“Il primo ad essere portato via fu ‘Jacon’, un giovane siciliano, figlio di un albergatore di Palermo. Quando tornò ci riferì che il comandante del contingente addetto alla nostra sorveglianza era suo compaesano e ne parlava con voce piena di speranza. Tra i due vi furono numerosi colloqui infine, dopo l’ultimo colloquio, ‘Jacon’ ci disse che avrebbe potuto salvarsi se avesse accettato di passare dalla loro parte….”
La foto è tratta dal sito http://www.museolaboratoriosalussola.org/s_9marzo.html
“Lo guardammo sbalorditi e perplessi, nessuno parlò, nemmeno il commissario di distaccamento: sapevamo tutti che avrebbe potuto essere una scelta tra la vita e la morte. Ci guardava ad uno ad uno come se si aspettasse una parola, un consiglio, poi ruppe il silenzio con voce che tradiva il pianto mentre accarezzava le mostrine partigiane: ‘Non posso, questa è la mia divisa e i miei compagni siete voi, siete i miei amici, qualunque sia la nostra sorte, io sarò al vostro fianco’. La scelta era fatta, ci stringemmo attorno a lui commossi: eravamo fieri di quel nostro compagno che, così lontano dalla sua terra e dalla sua famiglia, non aveva tradito.”

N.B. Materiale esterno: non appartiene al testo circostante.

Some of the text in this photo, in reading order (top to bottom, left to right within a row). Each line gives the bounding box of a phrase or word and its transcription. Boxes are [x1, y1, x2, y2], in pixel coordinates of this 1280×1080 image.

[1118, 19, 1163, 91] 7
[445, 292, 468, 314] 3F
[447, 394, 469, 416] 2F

Cesarina Bracco, una staffetta partigiana, ricorda uno dei più efferati massacri compiuti dai nazifascisti. I ventuno di Salussola.

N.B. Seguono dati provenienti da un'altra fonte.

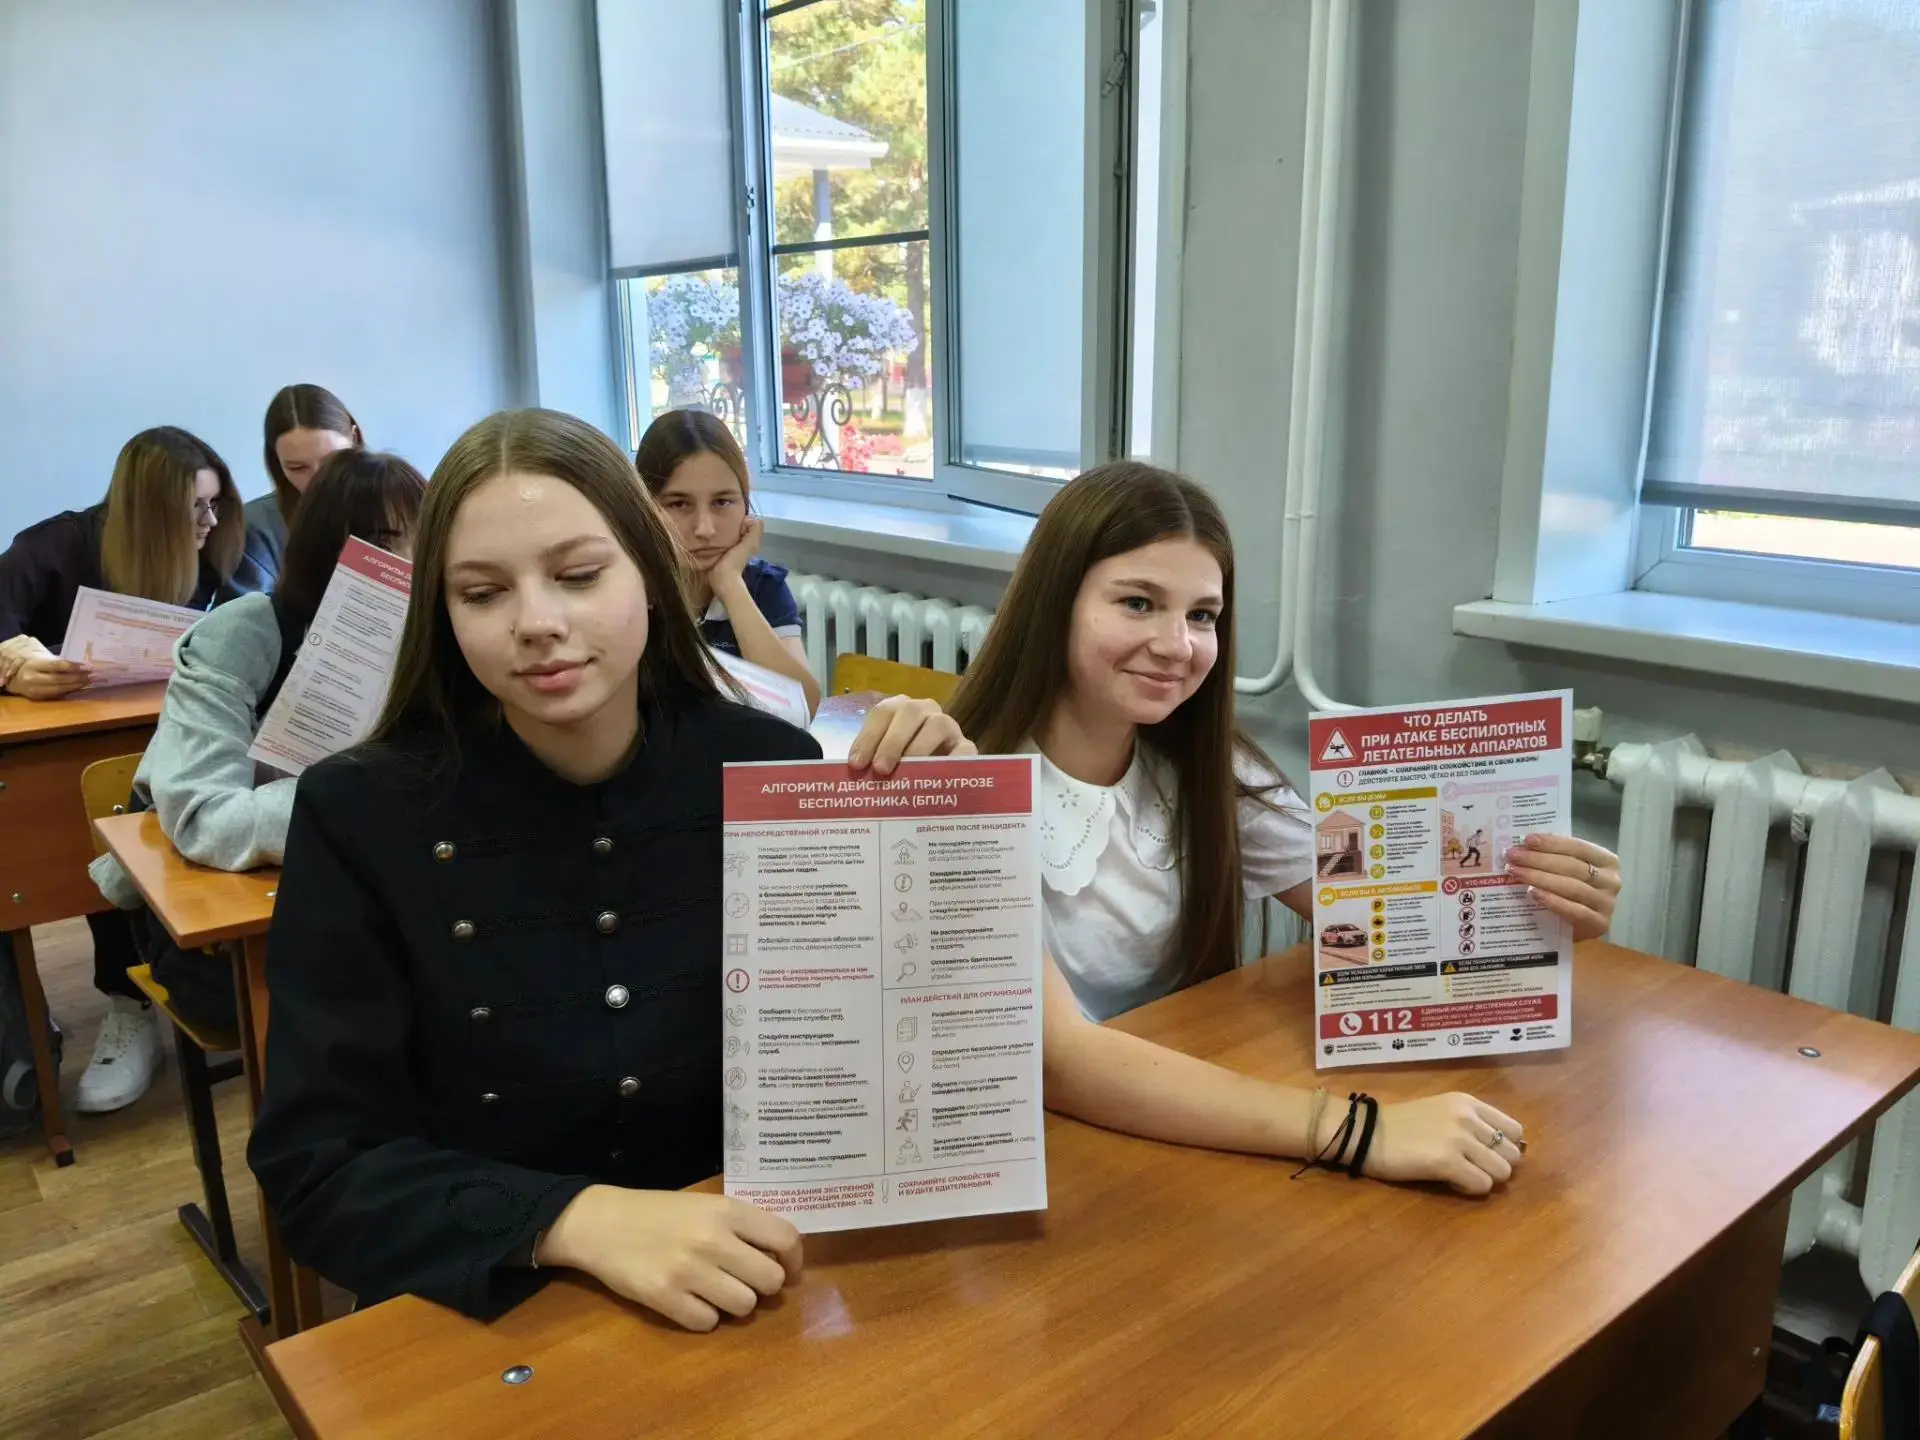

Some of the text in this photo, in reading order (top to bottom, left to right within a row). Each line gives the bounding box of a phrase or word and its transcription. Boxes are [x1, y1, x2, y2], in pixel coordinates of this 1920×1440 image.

[1404, 710, 1487, 727] ЧТО ДЕЛАТЬ
[1361, 720, 1546, 747] ПРИ АТАКЕ БЕСПИЛОТНЫХ
[1362, 735, 1548, 763] ЛЕТАТЕЛЬНЫХ АППАРАТОВ
[1359, 767, 1388, 776] ГЛАВНОЕ
[1396, 763, 1438, 773] СОХРАНЯЙТЕ
[1440, 760, 1487, 770] СПОКОЙСТВИЕ
[761, 777, 994, 793] АЛГОРИТМ ДЕЙСТВИЙ ПРИ УГРОЗЕ
[799, 794, 958, 809] БЕСПИЛОТНИКА (БПЛА)
[741, 829, 820, 838] НЕПОСРЕДСТВЕННОЙ
[916, 825, 954, 833] ДЕЙСТВИЯ
[940, 927, 993, 936] распространяйте
[971, 955, 1013, 963] бдительными
[900, 987, 1032, 1004] ПЛАН ДЕЙСТВИЙ ДЛЯ ОРГАНИЗАЦИЙ
[1368, 1009, 1413, 1032] 112
[1421, 1006, 1450, 1015] ЕДИНЫЙ
[1475, 1001, 1517, 1010] ЭКСТРЕННЫХ
[1519, 998, 1542, 1006] СЛУЖБ
[932, 1042, 1034, 1056] Определите безопасные укрытия
[932, 1075, 1017, 1089] Обучите правилам
[932, 1105, 965, 1114] Проводите
[759, 1130, 842, 1139] Сохраняйте спокойствие,
[985, 1139, 1013, 1147] действий
[898, 1171, 1000, 1188] СОХРАНЯЙТЕ СПОКОЙСТВИЕ
[734, 1182, 874, 1197] НОМЕР ДЛЯ ОКАЗАНИЯ ЭКСТРЕННОЙ
[905, 1186, 933, 1196] БУДЬТЕ
[935, 1180, 993, 1193] БДИТЕЛЬНЫМИ.
[753, 1197, 789, 1205] ПОМОЩИ
[797, 1194, 840, 1204] СИТУАЦИИ
[841, 1191, 874, 1199] ЛЮБОГО
[793, 1200, 856, 1212] ПРОИСШЕСТВИЯ

Giovanni Ortoleva partigiano “Jacon”
immagine resa disponibile per gentile cortesia del Museo Laboratorio dell’Oro e della Pietra
Dalla strada salì fino a noi un vociare confuso, seguito da grida e passi frettolosi, risonanti sotto la volta del portone carraio che immette nel cortile fino all’uscio della casa dove aveva sede il comando della V divisione Garibaldi, a Sala Biellese.